§ Activity
Return the full set of entries below exactly, leaving every image out.

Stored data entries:
________

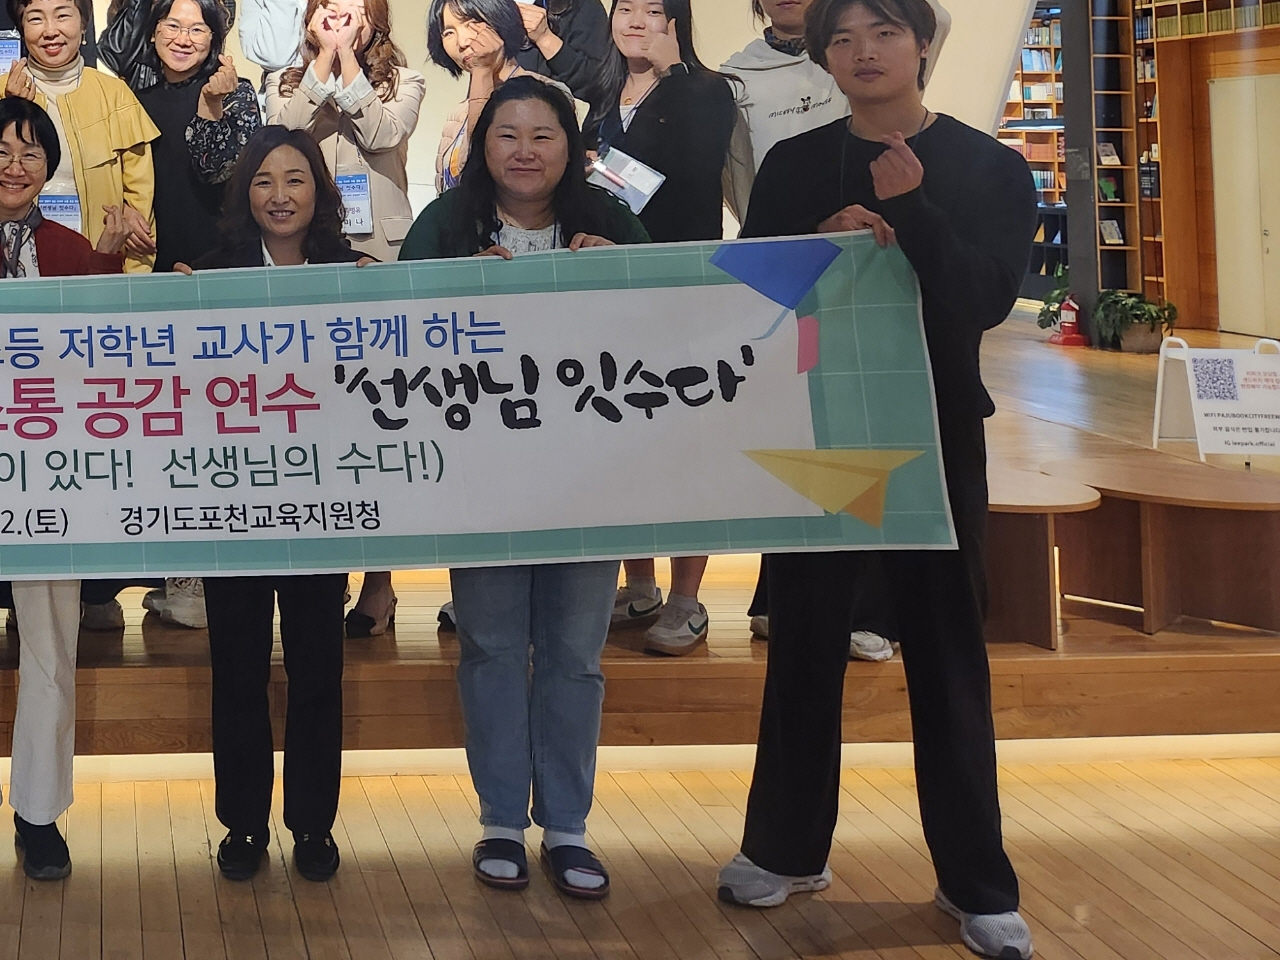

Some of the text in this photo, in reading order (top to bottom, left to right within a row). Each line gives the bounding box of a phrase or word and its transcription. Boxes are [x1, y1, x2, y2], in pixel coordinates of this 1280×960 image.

[58, 323, 177, 369] 저학년
[192, 319, 315, 365] 교사가
[325, 314, 409, 362] 함께
[422, 310, 507, 356] 하는
[76, 375, 191, 440] 공감
[205, 372, 321, 435] 연수
[44, 448, 134, 492] 있다!
[161, 443, 321, 489] 선생님의
[335, 439, 445, 485] 수다!)
[119, 500, 381, 536] 경기도포천교육지원청

________

§ Reply
Some of the text in this photo, in reading order (top to bottom, left to right within a row). Each line gives the bounding box of a phrase or word and its transcription. Boxes are [x1, y1, x2, y2], in pixel coordinates of this 1280×960 image.

[58, 323, 177, 369] 저학년
[192, 319, 315, 365] 교사가
[325, 314, 409, 362] 함께
[422, 310, 507, 356] 하는
[76, 375, 191, 440] 공감
[205, 372, 321, 435] 연수
[44, 448, 134, 492] 있다!
[161, 443, 321, 489] 선생님의
[335, 439, 445, 485] 수다!)
[119, 500, 381, 536] 경기도포천교육지원청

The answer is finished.